Hang at shutdown since Firefox25


(Core :: Audio/Video, defect, critical)

25 Branch
Not set



Tracking Status
firefox25 --- wontfix
firefox26 + wontfix
firefox27 + verified
firefox28 + verified
firefox29 --- verified
firefox-esr24 --- unaffected


(Reporter: alice0775, Assigned: cpearce)




(Keywords: hang, regression, reproducible)


(3 files, 2 obsolete files)

Build Identifier:
Mozilla/5.0 (Windows NT 6.1; WOW64; rv:28.0) Gecko/20100101 Firefox/28.0 ID:20131112030204

stack bp-afb2277f-0887-41aa-b91b-930172131113.

Reproducible: always

Steps To Reproduce:
1. Start Firefox with clean profile
2. Open
3. Exit browser(Ex. Ctrl+F4) as soon as the playback of the sound began

Actual Results:
Process of firefox.exe remains forever in Windows Task Manager

Expected Results:
Process of firefox.exe should be quit immediately
Version: 24 Branch → 25 Branch
Correct STR

> 3. Exit browser(Ex. Ctrl+F4) as soon as the playback of the sound began

3. Exit browser(Ex. Ctrl+F4) at 0:02 the playback time
Regression window(m-c)
Mozilla/5.0 (Windows NT 6.1; WOW64; rv:25.0) Gecko/20130704 Firefox/25.0 ID:20130707172141
Mozilla/5.0 (Windows NT 6.1; WOW64; rv:25.0) Gecko/20130708 Firefox/25.0 ID:20130708031114

Regression window(m-i)
Mozilla/5.0 (Windows NT 6.1; WOW64; rv:25.0) Gecko/20130704 Firefox/25.0 ID:20130707103844
Mozilla/5.0 (Windows NT 6.1; WOW64; rv:25.0) Gecko/20130707 Firefox/25.0 ID:20130707132744

Regressed by: Bug 803414
Blocks: 803414
Component: General → Video/Audio
Keywords: regression
There is absolutely no way bug 803414 caused this regression. bug 803414 introduces new WebAPI-specific code for the Media Recording API with opus files which shouldn't have any effect on mp3 at all.
No longer blocks: 803414
(In reply to Jason Smith [:jsmith] from comment #3)
> There is absolutely no way bug 803414 caused this regression. bug 803414
> introduces new WebAPI-specific code for the Media Recording API with opus
> files which shouldn't have any effect on mp3 at all.

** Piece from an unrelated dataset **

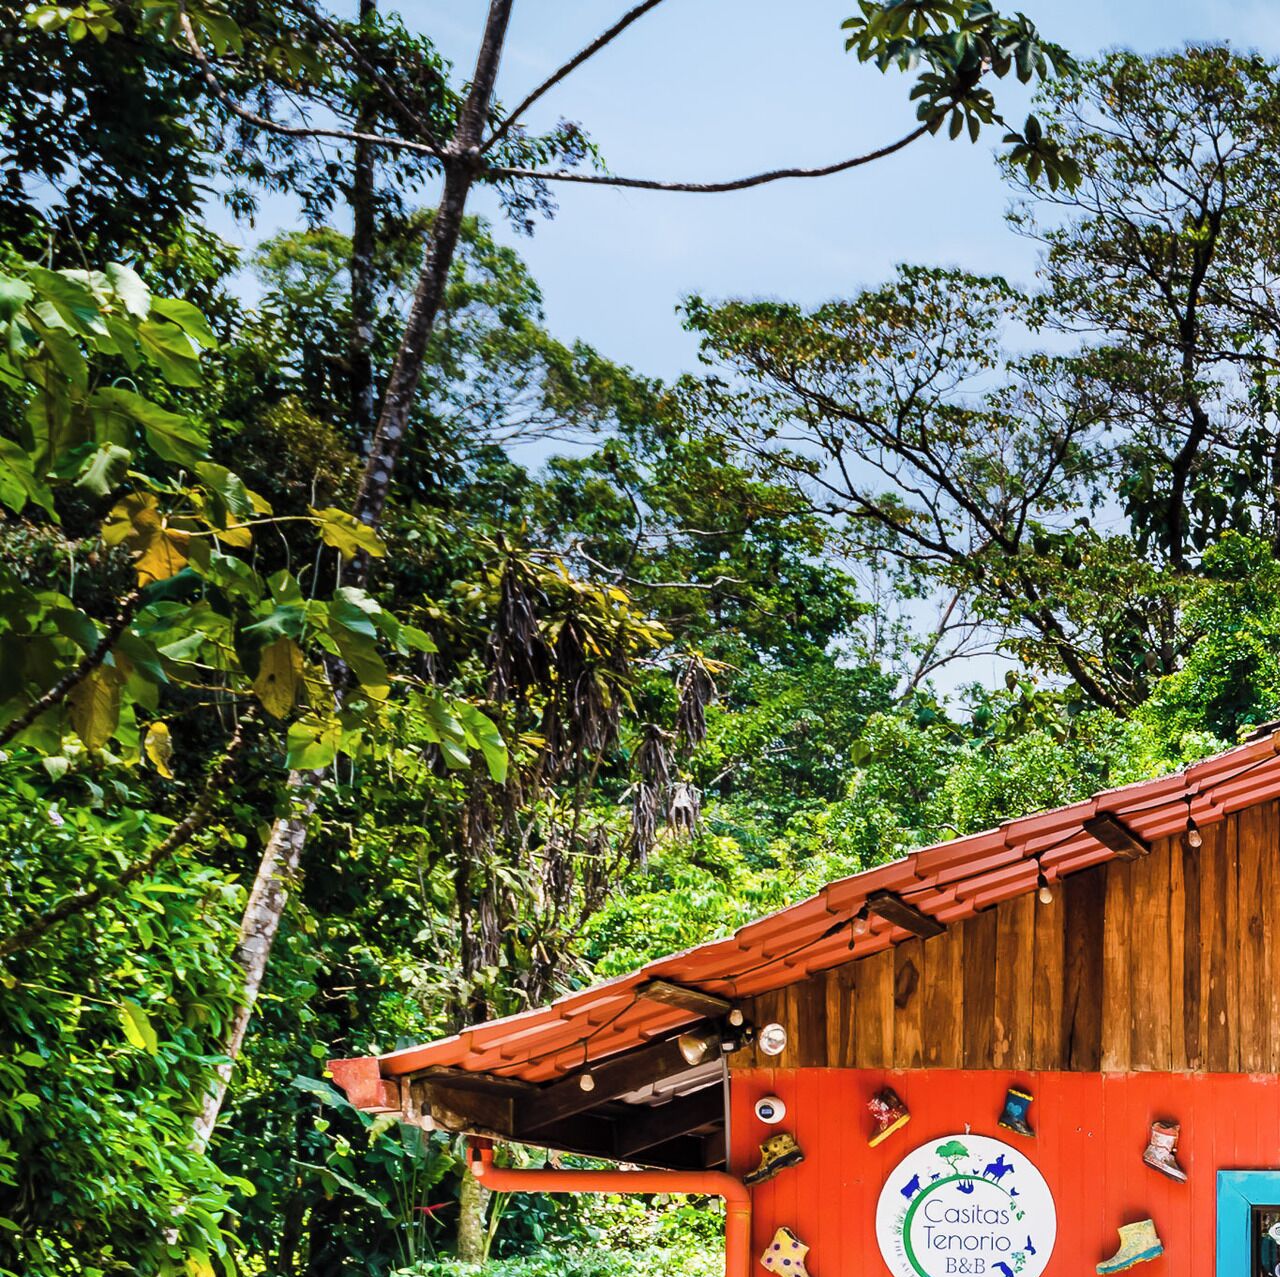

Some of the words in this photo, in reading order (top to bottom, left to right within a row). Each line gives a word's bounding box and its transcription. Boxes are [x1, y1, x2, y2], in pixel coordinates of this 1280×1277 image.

[924, 1199, 1010, 1225] Casitas
[923, 1225, 1011, 1251] Tenorio
[945, 1257, 986, 1274] B&B

Then, Bug 744115 may triggers
Blocks: 744115
Component: Video/Audio → XPCOM

to ensure that Bug 744115 is actually the "bad one", could you try with a new build without those three lines?

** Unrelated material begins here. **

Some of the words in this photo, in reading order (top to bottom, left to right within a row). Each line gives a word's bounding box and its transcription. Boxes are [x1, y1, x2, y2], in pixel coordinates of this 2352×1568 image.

Is this bug only present on windows (7 or not)?

I can reproduce the shutdown hang in Ubuntu
Mozilla/5.0 (X11; Linux x86_64; rv:28.0) Gecko/20100101 Firefox/28.0 ID:20131113030205
OS: Windows 7 → All
I built from m-c tip on windows7 64bit PC.
And I confirmed that the attached patch fixed the hang.

hang: 7b014f0f3b03
Not hang: 7b014f0f3b03 and apply the attached patch
Ok so Bug 744115 caused the regression...
asking to bsmedberg as he reviewed my patch.
Flags: needinfo?(benjamin)
So clearly *something* is relying on being able to dispatch events after it shouldn't be possible. I don't know what that is, although media code is the obvious suspect here given the testcase.

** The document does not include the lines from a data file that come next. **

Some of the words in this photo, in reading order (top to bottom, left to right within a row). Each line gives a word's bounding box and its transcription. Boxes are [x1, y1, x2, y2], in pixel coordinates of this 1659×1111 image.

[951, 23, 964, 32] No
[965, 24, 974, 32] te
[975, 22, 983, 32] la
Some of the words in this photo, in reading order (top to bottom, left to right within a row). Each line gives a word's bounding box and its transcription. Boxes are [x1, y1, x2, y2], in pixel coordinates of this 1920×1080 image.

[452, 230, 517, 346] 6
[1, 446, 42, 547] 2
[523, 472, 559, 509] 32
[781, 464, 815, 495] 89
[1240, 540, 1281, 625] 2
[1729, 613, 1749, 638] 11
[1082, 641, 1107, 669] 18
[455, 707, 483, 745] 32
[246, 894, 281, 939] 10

option A is to make this *more* of an error by crashing using NS_RUNTIMEABORT (instead of return NS_ERROR_ILLEGAL_DURING_SHUTDOWN).
option B is to debug this locally, set a breakpoint on the return line, and see when it is hit.
(option C, back it out)

Arnaud, can you try the local debugging option first and see if we can get the stack of the bad interaction here? We probably can't do option A until we've figured out the issue that's breaking here.
Flags: needinfo?(benjamin)

i'm sorry but since a few weeks i can't work anymore on firefox cause i'm not often enough at home...
i'm following this ticket as it's involving one of my patch.
we need to find somebody else to do this debug test.
Alternative url in

Maybe a lot of site is affected.

This problem is very annoying.

So, until Arnaud came back, 
Please take option C of comment#9.
Attached file stack
Media decoder thread:

1383f7b8 56ad5f8d 00f54fa0 00000001 1383f7d7 xul!nsThread::ProcessNextEvent+0x4bc
1383f7cc 569f970c 00f54fa0 00000001 09428480 xul!NS_ProcessNextEvent+0x2d
1383f7f4 5780ebc9 09336120 09428488 09428480 xul!nsThread::Shutdown+0xff
1383f80c 578ee225 12f3f334 094284b8 1383f898 xul!mozilla::MediaDecoderStateMachine::StopAudioThread+0x59
1383f864 578eedc8 12fb4000 12f54fa0 09428480 xul!mozilla::MediaDecoderStateMachine::RunStateMachine+0x67
1383f898 578eee18 09428480 12f54fcc 1383f924 xul!mozilla::MediaDecoderStateMachine::CallRunStateMachine+0x58
1383f8a8 56aac4cb 12f3f334 12f54fcc 12f54fa0 xul!mozilla::MediaDecoderStateMachine::Run+0x21
1383f924 56b1dbaf 01f54fa0 00000001 1383f957 xul!nsThread::ProcessNextEvent+0x3cb

Main thread:
003ef26c 5c31f321 nss3!_PR_WaitCondVar(struct PRThread * thread = 0x00b0f140, struct PRCondVar * cvar = 0x00000000, struct PRLock * lock = 0x00b38080, unsigned int timeout = 0xffffffff)+0x58 [e:\builds\moz2_slave\m-cen-w32-ntly-000000000000000\build\nsprpub\pr\src\threads\combined\prucv.c @ 173]
003ef288 56aac36f nss3!PR_Wait(struct PRMonitor * mon = 0x00b01360, unsigned int ticks = 0xffffffff)+0x51 [e:\builds\moz2_slave\m-cen-w32-ntly-000000000000000\build\nsprpub\pr\src\threads\prmon.c @ 154]
003ef308 56ad5f8d xul!nsThread::ProcessNextEvent(bool mayWait = true, bool * result = 0x003ef327)+0x26f [e:\builds\moz2_slave\m-cen-w32-ntly-000000000000000\build\xpcom\threads\nsthread.cpp @ 602]
003ef31c 569f970c xul!NS_ProcessNextEvent(class nsIThread * thread = 0x00b18340, bool mayWait = true)+0x2d [e:\builds\moz2_slave\m-cen-w32-ntly-000000000000000\build\xpcom\glue\nsthreadutils.cpp @ 251]
003ef344 56c017d6 xul!nsThread::Shutdown(void)+0xff [e:\builds\moz2_slave\m-cen-w32-ntly-000000000000000\build\xpcom\threads\nsthread.cpp @ 465]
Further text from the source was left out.